§ Work order
For each line in the data below, write an exact copy.

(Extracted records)
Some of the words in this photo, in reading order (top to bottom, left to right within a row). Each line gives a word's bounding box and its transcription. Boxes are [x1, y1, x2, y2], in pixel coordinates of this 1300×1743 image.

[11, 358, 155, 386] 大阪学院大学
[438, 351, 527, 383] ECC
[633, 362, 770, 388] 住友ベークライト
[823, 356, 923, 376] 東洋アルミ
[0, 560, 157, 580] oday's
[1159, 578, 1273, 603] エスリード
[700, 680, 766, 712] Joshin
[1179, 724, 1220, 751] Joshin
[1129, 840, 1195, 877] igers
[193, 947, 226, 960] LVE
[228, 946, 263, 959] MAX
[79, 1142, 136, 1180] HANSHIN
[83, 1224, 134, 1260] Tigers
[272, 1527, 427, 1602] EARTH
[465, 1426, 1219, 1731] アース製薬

§ Worked solution
Some of the words in this photo, in reading order (top to bottom, left to right within a row). Each line gives a word's bounding box and its transcription. Boxes are [x1, y1, x2, y2], in pixel coordinates of this 1300×1743 image.

[11, 358, 155, 386] 大阪学院大学
[438, 351, 527, 383] ECC
[633, 362, 770, 388] 住友ベークライト
[823, 356, 923, 376] 東洋アルミ
[0, 560, 157, 580] oday's
[1159, 578, 1273, 603] エスリード
[700, 680, 766, 712] Joshin
[1179, 724, 1220, 751] Joshin
[1129, 840, 1195, 877] igers
[193, 947, 226, 960] LVE
[228, 946, 263, 959] MAX
[79, 1142, 136, 1180] HANSHIN
[83, 1224, 134, 1260] Tigers
[272, 1527, 427, 1602] EARTH
[465, 1426, 1219, 1731] アース製薬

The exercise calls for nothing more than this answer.